Map of life expectancy at birth from Global Education Project.

Thursday, January 14, 2016

Long Term Problem

John Iglehart, in the new NEJM, does the Cassandra thing with Long Term Services and Supports, also called Long Term Care. (I'm not sure what the public access is to this piece.) The kicker is that right now, this problem is getting essentially no attention from politicians.

Most people who have chronic disabling conditions get most of their care from unpaid family members or friends -- some 40 million people currently in that role. Many of them end up leaving the workforce because they can't handle both jobs simultaneously. What many people don't seem to know is that their health insurance -- whether it's private insurance or Medicare -- won't pay for long term health care, in a nursing home or in the community, and won't pay for essential non-medical services such as housekeeping. It costs more than $90,000 a year to be in a nursing home, and $43,000 to be in an assisted living facility or to get full-time home health aide services. Very few people have that kind of money.

Right now about half the people who need LTSS are over 65 but that percentage, and the absolute number, will obviously increase as the population ages. Not everybody will ever need to pay for LTSS -- some of us are lucky enough to die before we develop severe disabilities -- and others won't ever have to pay for it because we'll be able to rely on family members. But 16% will spend more than $100,000 and few elderly people have that kind of money. I think you know what happens in that case -- you have to spend everything you have, then Medicaid takes over.

It is possible to buy long-term care insurance but it is very expensive and hardly anybody has it. While the Republicans are all promising to repeal the Affordable Care Act, neither they nor Hillary nor Bernie are saying anything about this problem. It's solvable the same way many of our other severe problems are -- tax the rich.

1 comment:

Scott A Olson said...

This statement you made is not 100% accurate. You stated: "It is possible to buy long-term care insurance but it is very expensive and hardly anybody has it."

7.2 million people currently own LTC insurance. To say "hardly anybody has it" would mean that several million people is "hardly anybody".

The poor don't need long-term care insurance. The poor get their LTSS paid for by Medicaid. The only people who need long-term care insurance are the middle-class.

Fortunately, 44 states in cooperation with the federal gov’t have already launched an affordable solution: a Public/Private Partnership for Long-Term Care.

These “Long-Term Care Partnership Programs” encourage the middle-class to purchase long-term care insurance policies with benefits equal to their net worth. If their long-term care insurance policy runs out of benefits they can apply for Medicaid to pay for their care and all of their assets will be protected from Medicaid “spend down” and Medicaid “estate recovery”.
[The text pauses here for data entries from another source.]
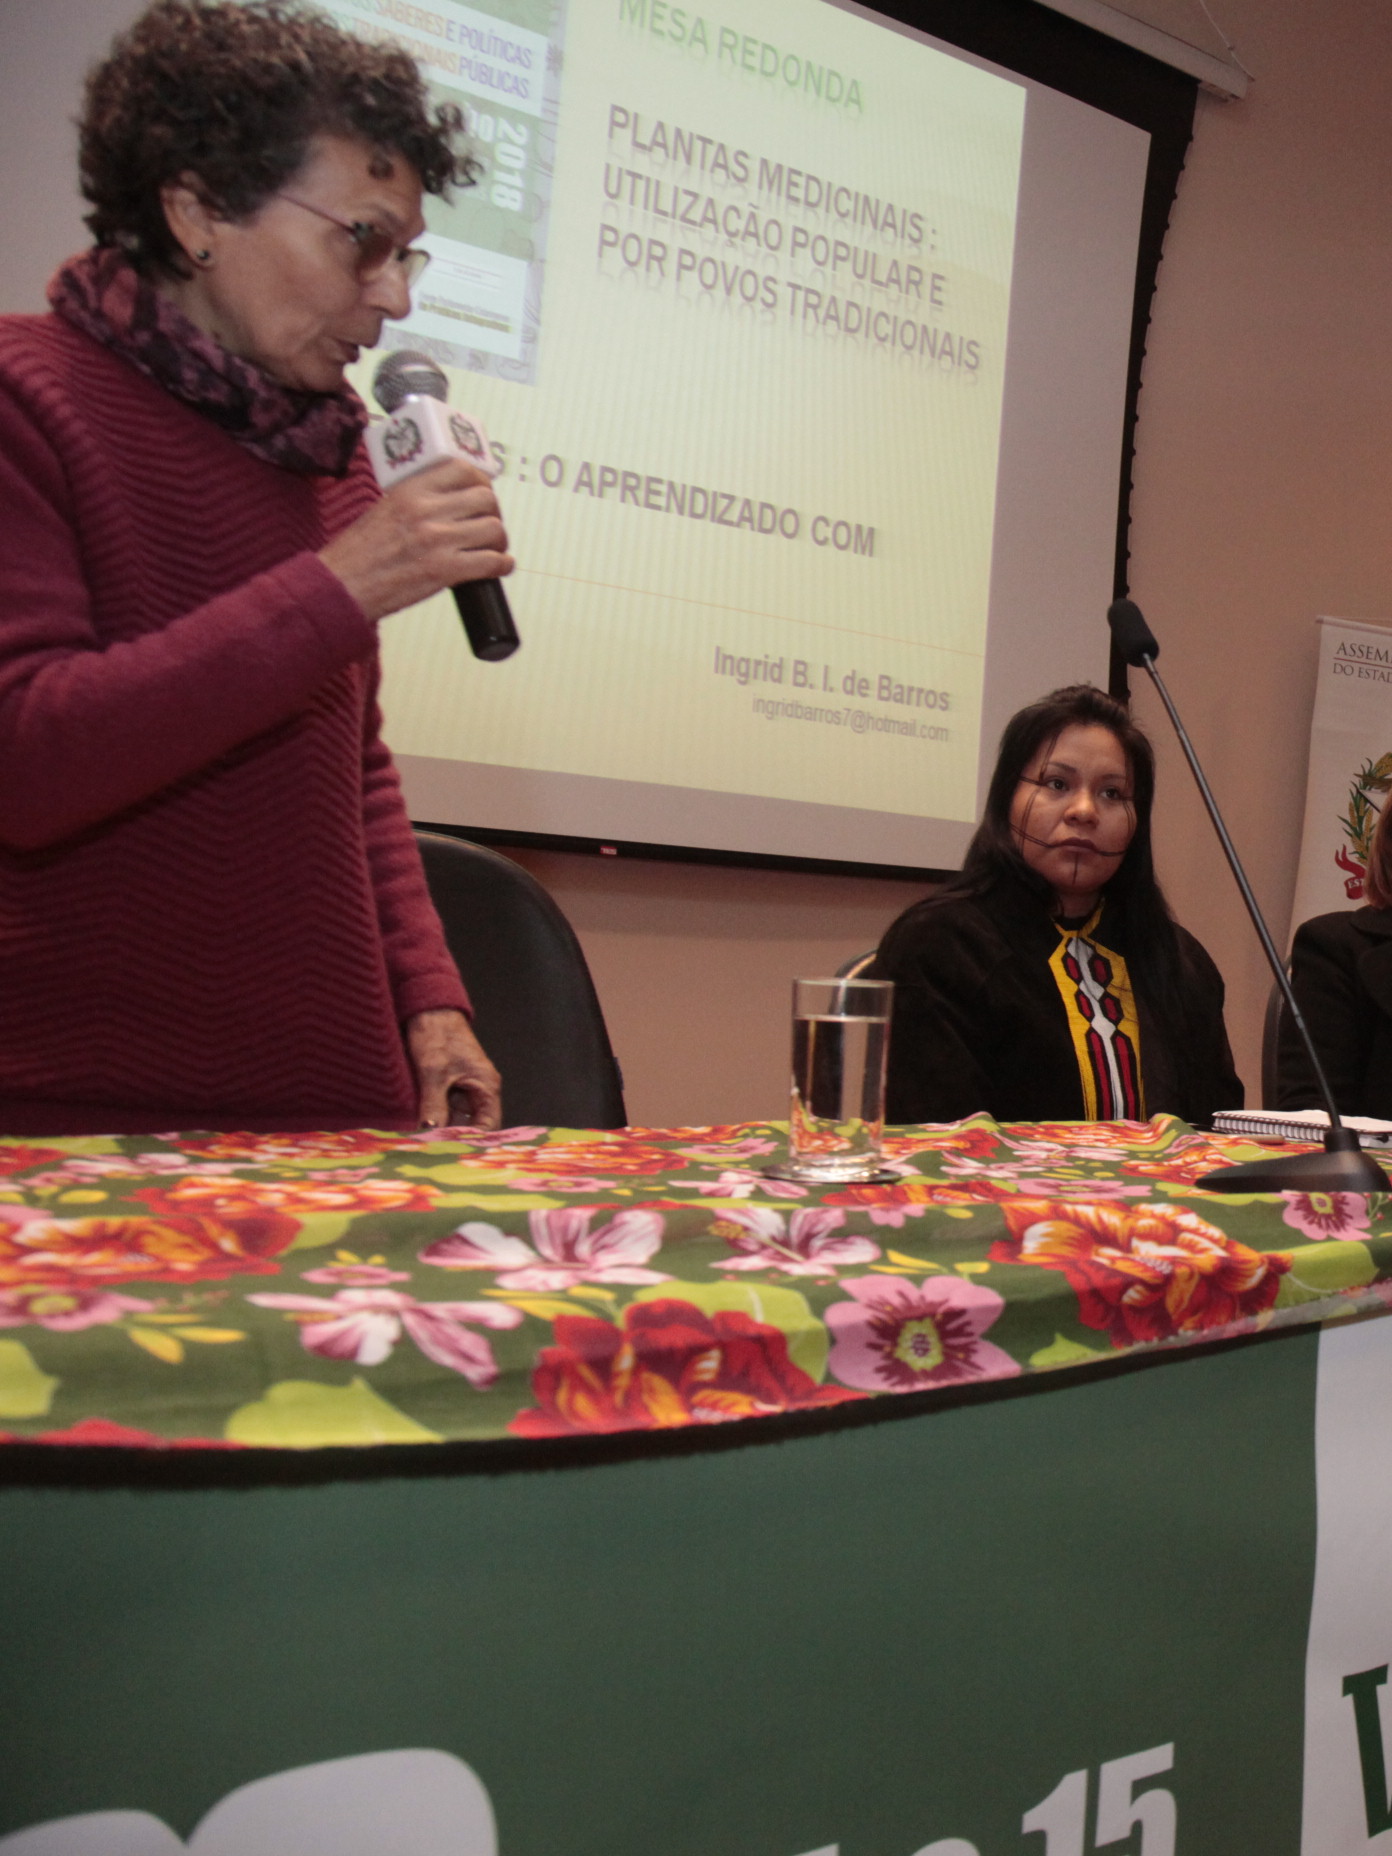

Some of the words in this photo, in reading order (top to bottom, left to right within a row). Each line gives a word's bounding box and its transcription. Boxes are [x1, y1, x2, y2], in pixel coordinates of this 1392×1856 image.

[459, 28, 532, 70] POLÍTICAS
[459, 54, 529, 99] PÚBLICAS
[619, 0, 708, 54] MESA
[717, 26, 862, 113] REDONDA
[492, 116, 529, 212] 2018
[608, 104, 749, 183] PLANTAS
[604, 163, 782, 251] UTILIZAÇÃO
[791, 225, 923, 299] POPULAR
[930, 272, 946, 306] E
[599, 223, 667, 277] POR
[676, 247, 778, 308] POVOS
[787, 282, 980, 370] TRADICIONAIS
[540, 454, 563, 488] O
[572, 461, 800, 539] APRENDIZADO
[811, 515, 875, 557] COM
[714, 645, 784, 686] Ingrid
[792, 659, 815, 690] B.
[842, 669, 870, 698] de
[876, 674, 951, 711] Barros
[1332, 662, 1354, 676] DO
For example, a married couple both age 61, in average health, could share a Long-Term Care Partnership Policy with $250,000 of benefits. Their premium would be about $100 per month per spouse. If they used all $250,000 in the policy, they could apply for Medicaid and protect $250,000 of their savings from Medicaid.
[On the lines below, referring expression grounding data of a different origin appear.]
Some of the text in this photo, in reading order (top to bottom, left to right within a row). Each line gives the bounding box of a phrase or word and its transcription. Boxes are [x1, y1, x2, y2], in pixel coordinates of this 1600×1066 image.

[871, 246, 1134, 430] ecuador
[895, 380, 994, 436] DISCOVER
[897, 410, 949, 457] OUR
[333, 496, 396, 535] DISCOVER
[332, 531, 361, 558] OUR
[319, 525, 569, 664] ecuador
If you want to protect more savings you can buy more benefits for a higher premium.
If you have less savings you can buy less benefits for a lower premium.
You can target how much coverage you want based upon how much of your savings you want to protect from Medicaid.

In all cases, a lifetime of savings can be protected through a Long-Term Care Partnership Policy.

The Long-Term Care Partnership Programs are the equitable solution to the crisis facing our nation. The wealthy pay more to protect more assets. The “not-so-wealthy” pay less and can still protect all of their assets.